Friday, April 29, 2011

today is one of those days that my insides are bursting with anger at the injustices i am surrounded by everyday. legitimately. i tried to let it go on my way home from work, but it just wasn't happening today. over the past two years i've had to learn how to let things go or i wouldn't be able to sleep at night.

i guess it was just one of those weeks that i realized how fragile people are. how broken some people are. how unfair some peoples lives are or have been. how unrealistic some people's expectations are. how lazy some people are. how disadvantaged some people are. and the list could go on and on.

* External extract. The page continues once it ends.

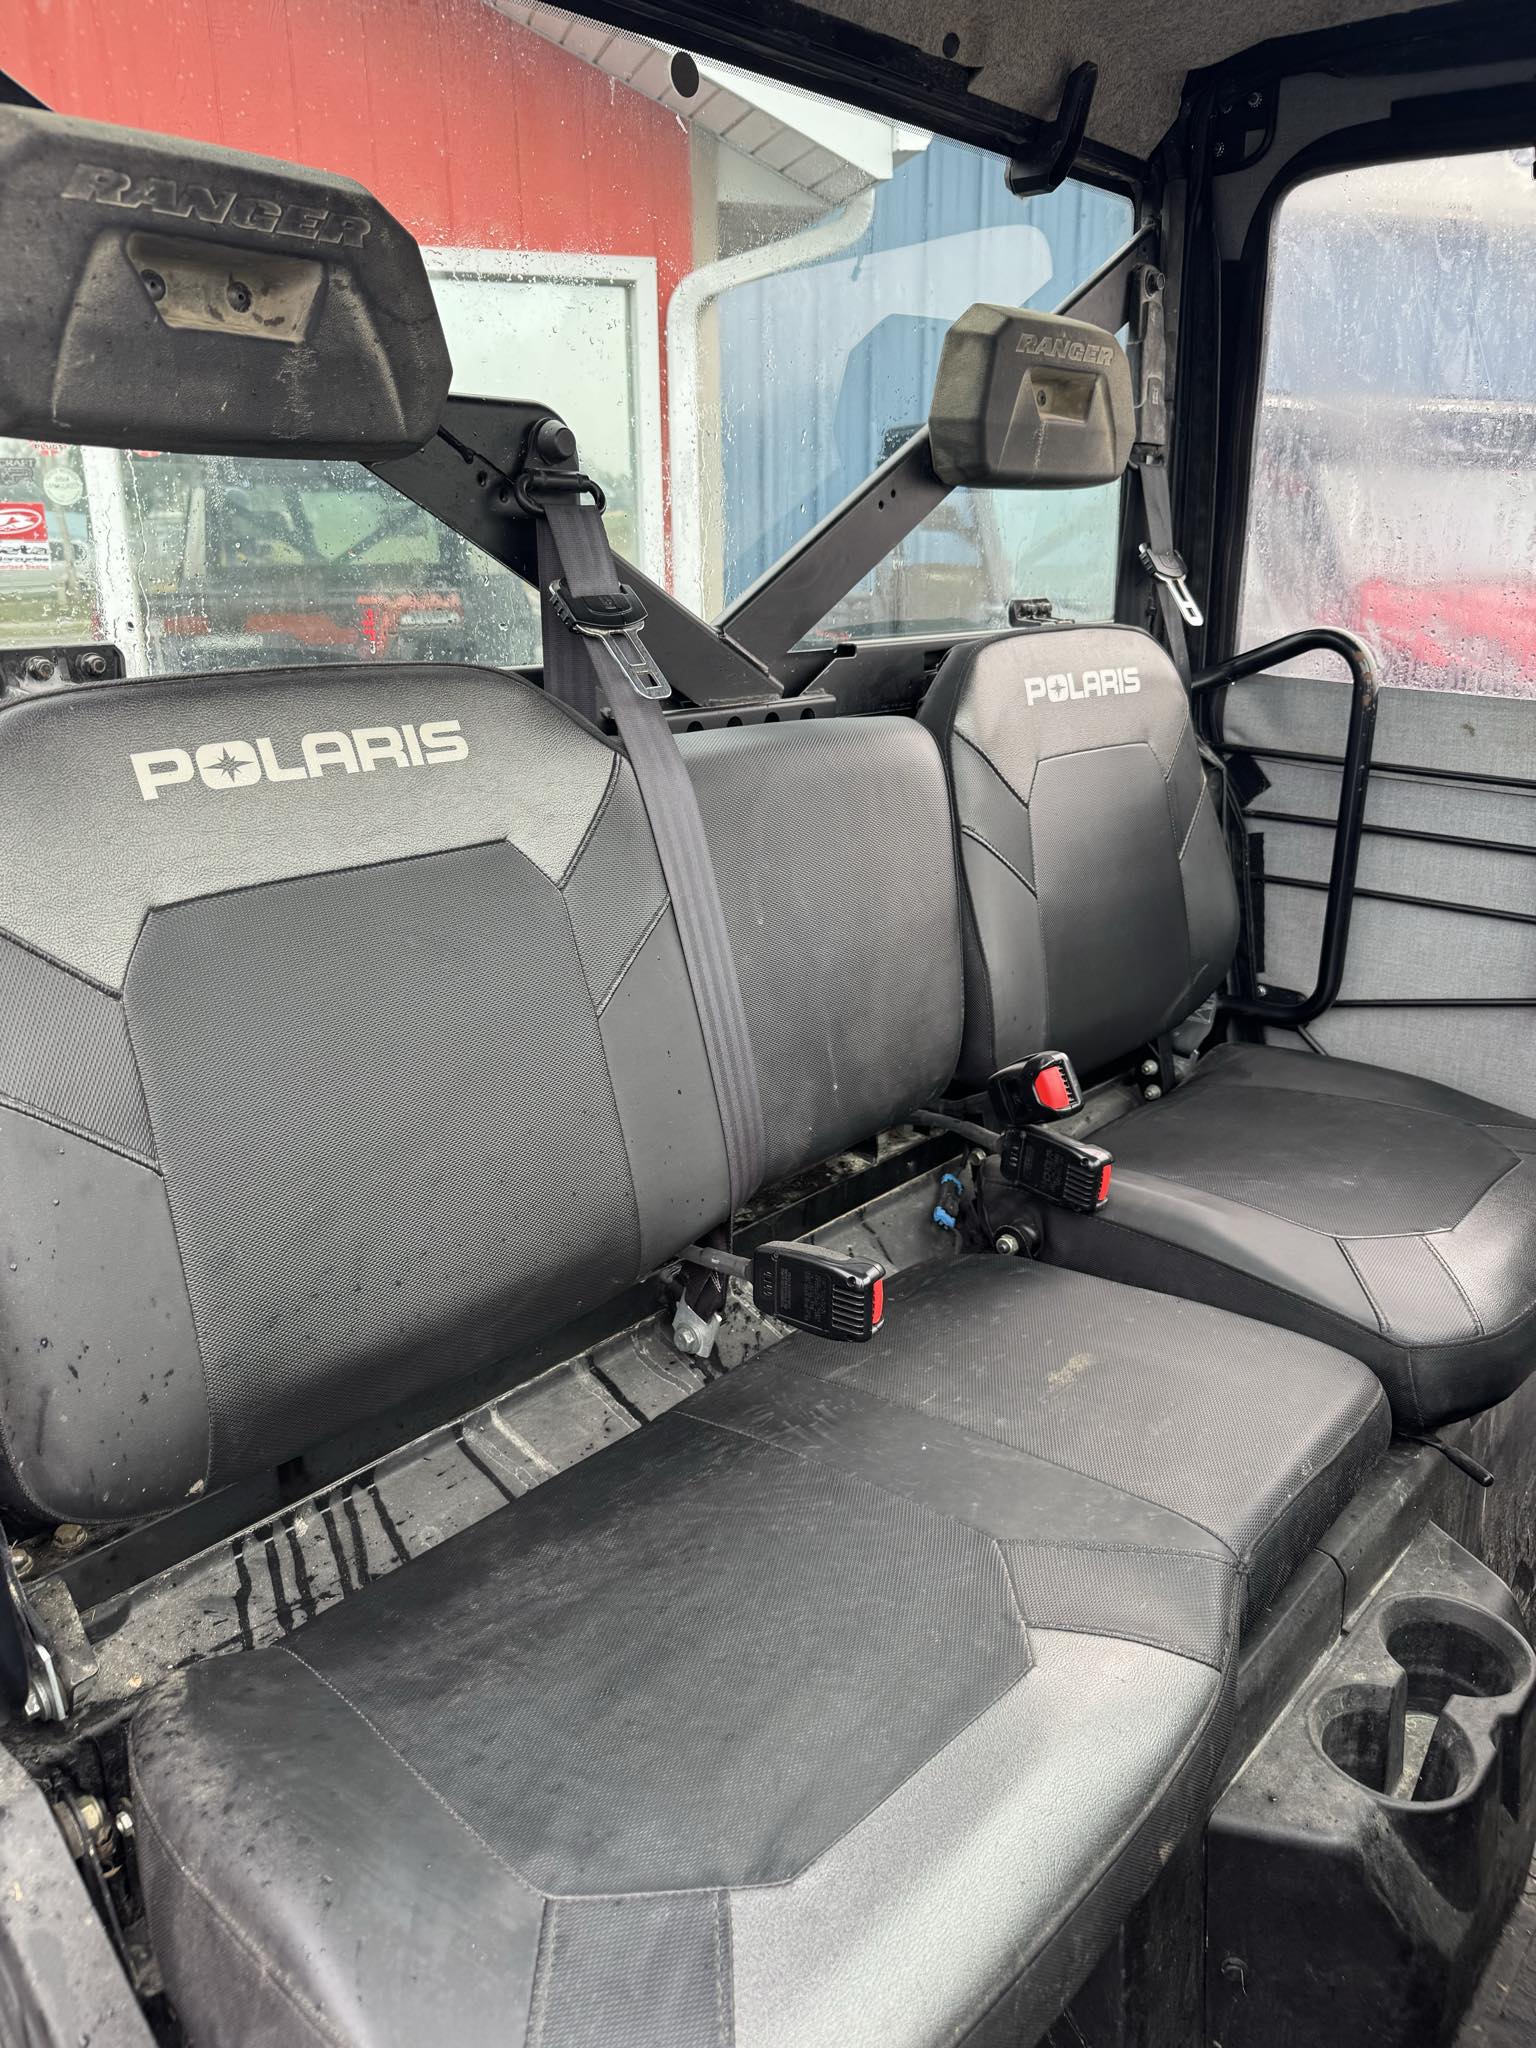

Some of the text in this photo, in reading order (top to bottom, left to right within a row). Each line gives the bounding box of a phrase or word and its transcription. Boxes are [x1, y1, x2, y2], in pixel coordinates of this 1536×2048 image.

[60, 162, 372, 249] RANGER
[1015, 332, 1114, 367] RANGER
[1023, 667, 1141, 706] POLARIS
[129, 719, 470, 801] POLARIS

and i hate that i cannot do anything about it. other than be there now. of course, of course i recognize that being there now is doing SOMETHING but i can't change the past for any of these people i work with. and it breaks my heart that i can't. it breaks my heart that when i asked a young girl if she could say anything to someone who has hurt her very badly, her response was, "why did they have to ruin my life?" that there was so much truth to that.

it makes me angry when i talk with some parents about their children they just expect them to turn out well behaved, and they refuse to take any responsibility for the fact that they need to provide consistency, love, support, and boundaries. and then when their children start showing negative behaviors it is always someone else's fault or they need to be medicated, and when it is all said and done they refuse to put forth the effort to give positive or negative consequences and change the environment they have created for their children.

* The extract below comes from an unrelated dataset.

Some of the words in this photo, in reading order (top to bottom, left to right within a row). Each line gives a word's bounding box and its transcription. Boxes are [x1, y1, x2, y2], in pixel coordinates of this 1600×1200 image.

sometimes i just have to say to my friends who work in the same field, "ARE YOU KIDDING ME?" just because i can't take the ridiciulousness any longer. seriously, ARE YOU KIDDING ME!

unfortunately, though, i'm not kidding and the situations i deal with daily are not jokes. far from jokes actually.

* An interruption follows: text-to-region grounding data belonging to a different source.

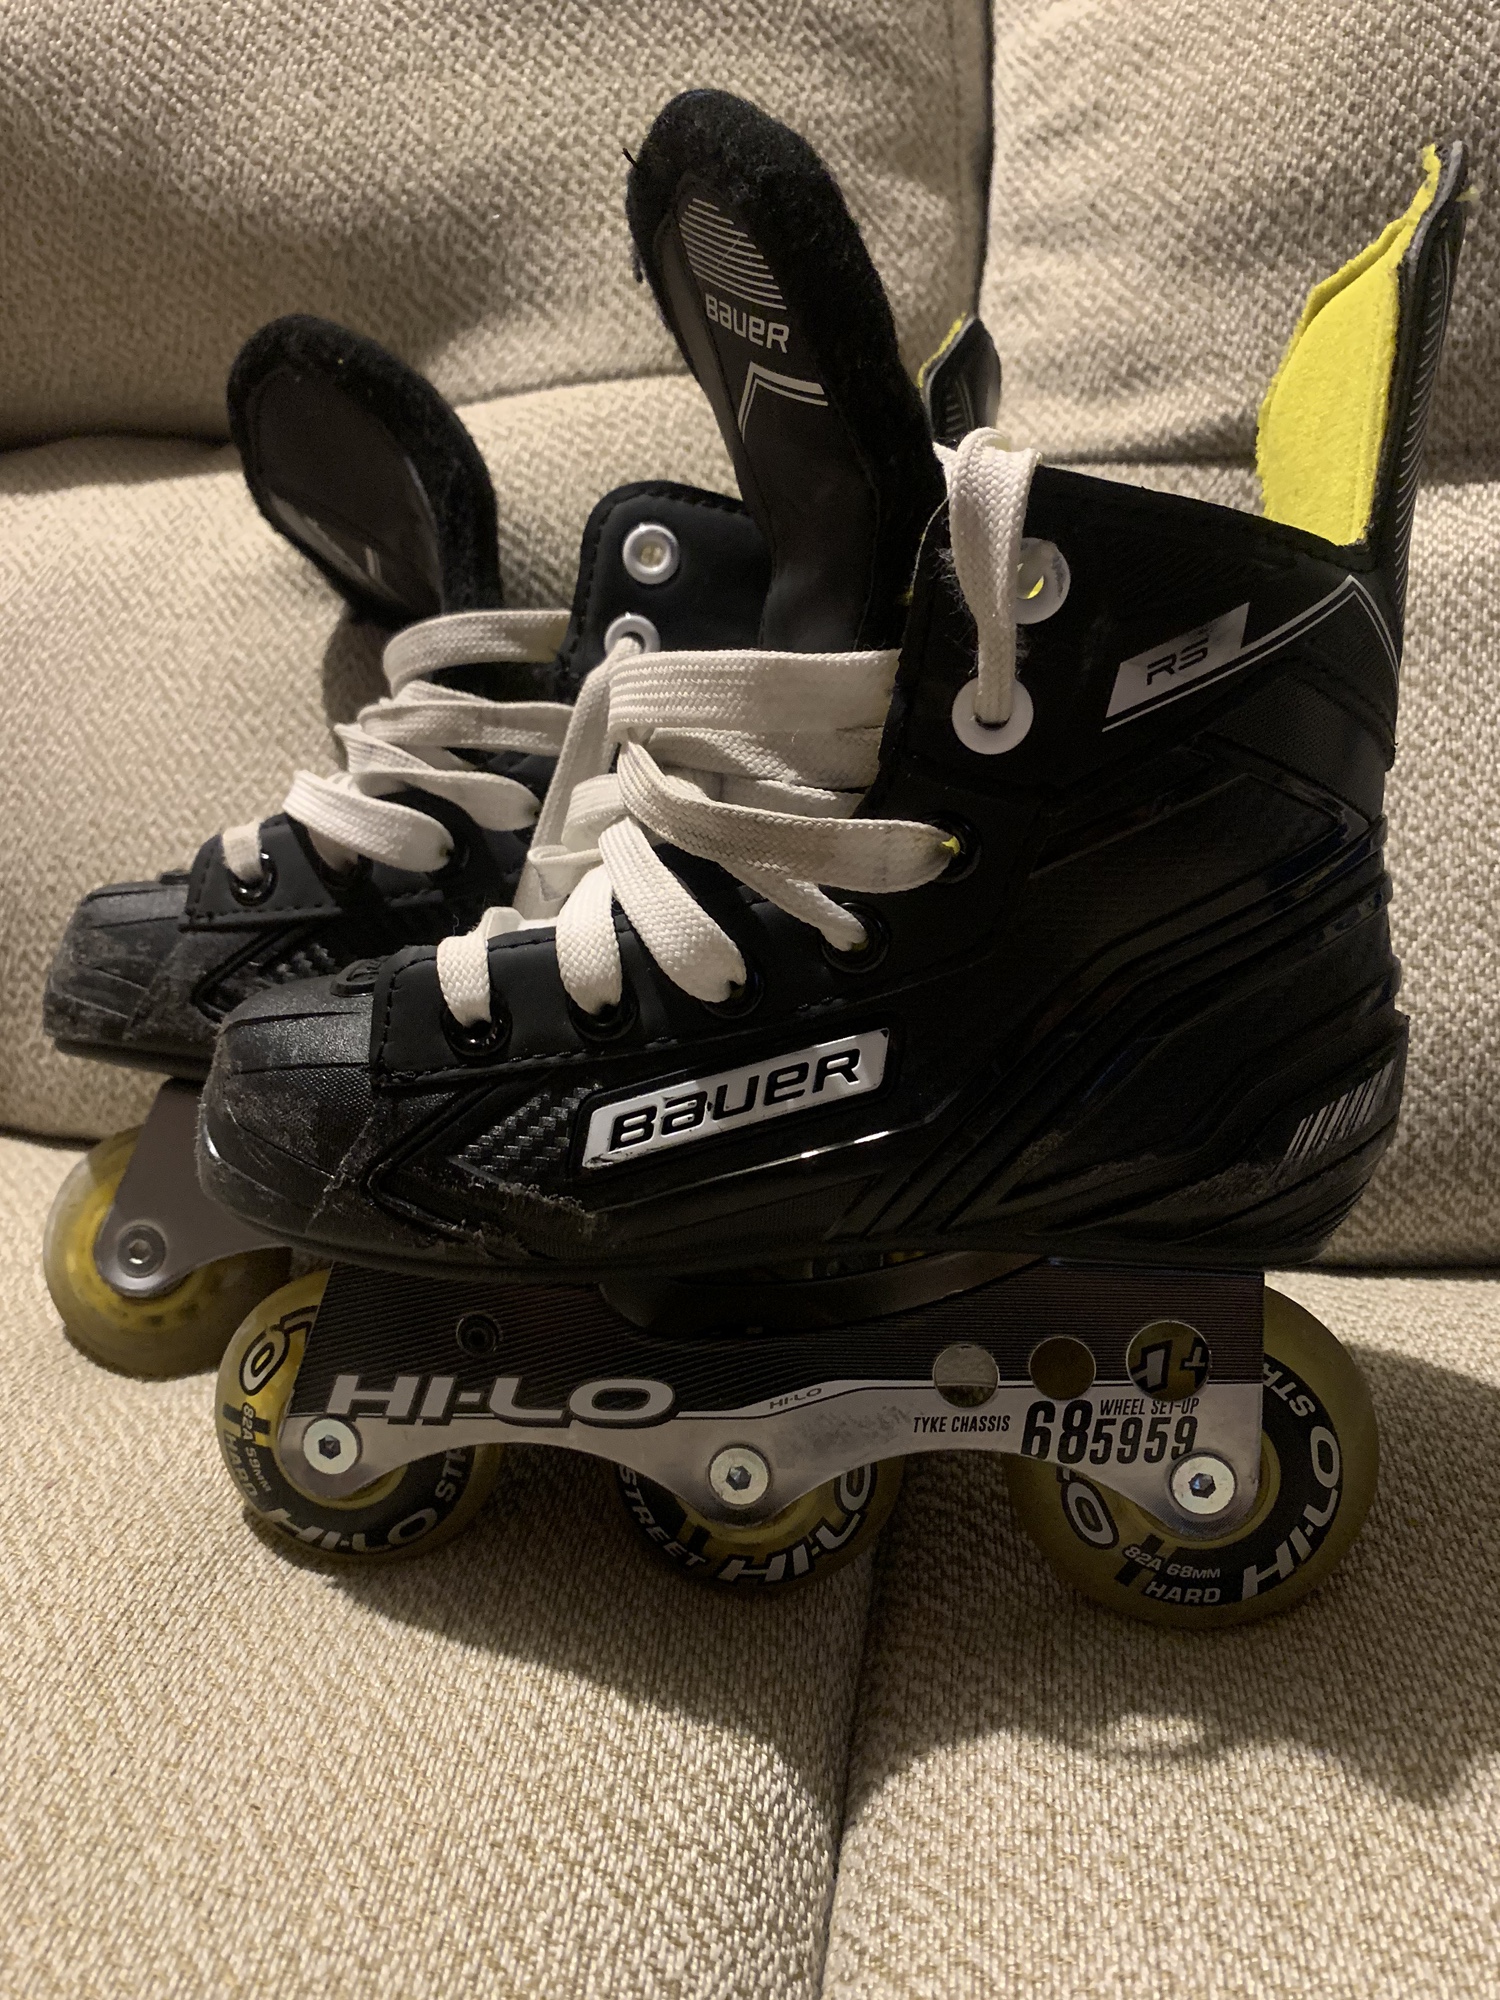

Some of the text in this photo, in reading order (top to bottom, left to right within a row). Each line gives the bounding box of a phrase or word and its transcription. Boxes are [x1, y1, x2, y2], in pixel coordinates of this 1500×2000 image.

[1146, 638, 1209, 686] RS
[326, 1374, 677, 1425] HI-LO
[769, 1388, 822, 1409] HI-LO
[1100, 1398, 1199, 1416] WHEEL SET-UP
[913, 1415, 1010, 1433] TYKE CHASSIS
[224, 1431, 258, 1497] HARD
[1241, 1362, 1341, 1601] HI-LO STR
[262, 1507, 438, 1552] HI-LO
[619, 1463, 871, 1583] STREET HI-LO
[1124, 1545, 1222, 1580] 82A 68MM
[1145, 1580, 1222, 1604] HARD

and on nights tonight where i feel angry, frustrated, disheartened, annoyed, and dumbfounded i think about the story in the Bible where Jesus was angry that the people had turned His temple, His house of prayer into a den of thieves. His anger was righteous, and He over turned tables. and the situation He was dealing with was definitely no joke, but i wonder to myself, did He ever think, "ARE YOU KIDDING ME?"

i suppose that will be one of the questions i ask Him when i meet Him face to face. but i can't help but feel like my anger is righteous, so i guess until then i will just have to pray He helps me handle it in that manner...and that He gives me the strength to endure.